The Washington Times is reporting on more details of the possible retail store “Card Check” compromise that Brian Faughnan wrote of yesterday, and the details of this one are definitely more palatable than the proposal presented in the Wall Street Journal. The plan being offered by the retailers preserves more than the secret ballot:
Their compromise would reject the card check method of voting and keep secret-ballot voting as it is now practiced in most instances. The compromise would also eliminate the union-backed provision that would force the settlement of certification disputes through mandatory arbitration.
To assuage the unions, the plan would for the first time permit union organizers to press their cases at work sites and would also prevent long delays before a union certification vote must be held.

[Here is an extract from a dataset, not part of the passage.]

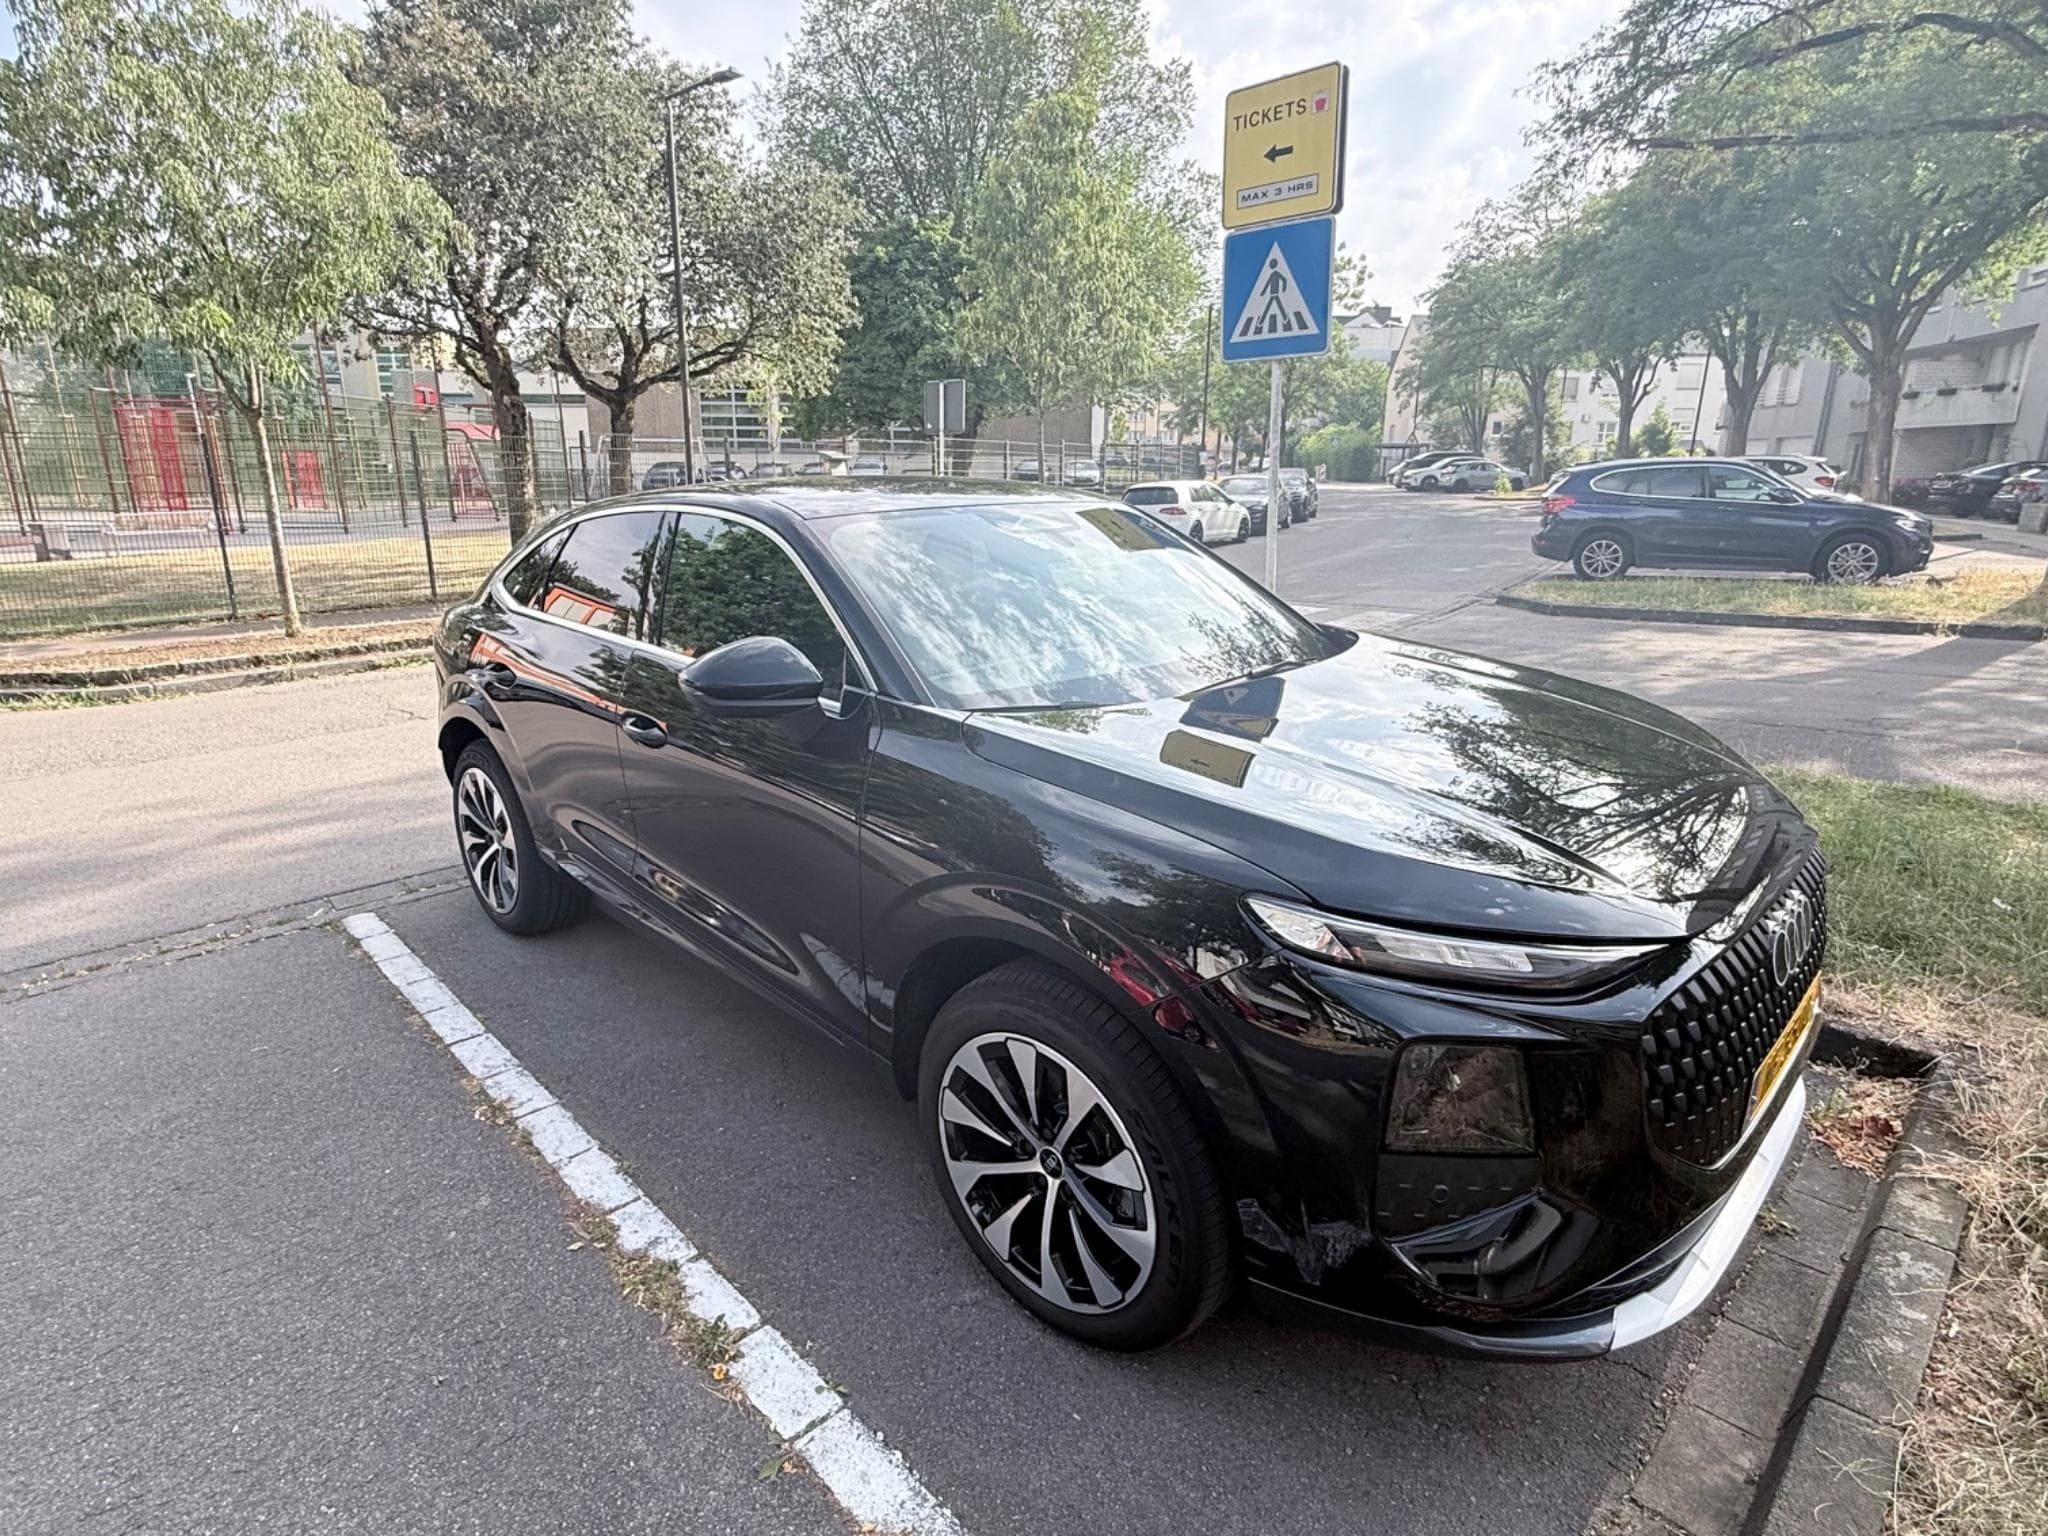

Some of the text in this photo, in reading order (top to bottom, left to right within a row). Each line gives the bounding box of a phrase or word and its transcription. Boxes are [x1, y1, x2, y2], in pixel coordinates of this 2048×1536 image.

…which, as Ed Morrissey notes, is much more likely to pass the Senate than the current version. In fact, the current version is not likely to pass the Senate at all.
This doesn’t mean that this is a good result, of course. There are a variety of ways that a shortened delay time and more on-site activism can be – and will be – abused by Big Labor. But it is the result that occurs when both Houses of Congress and the Presidency are held by a political party that is heavily pro-labor union management (note the precise designation there)… if you’re lucky. Not to belabor (hah!) the point, but elections have consequences – and as has been noted before, the cavalry is not coming over the hill. In other words, the proper response to Congress not giving you satisfaction on this issue is to go make sure that there’s a better Congress after the next election.
You start here.
Moe Lane
Crossposted to RedState.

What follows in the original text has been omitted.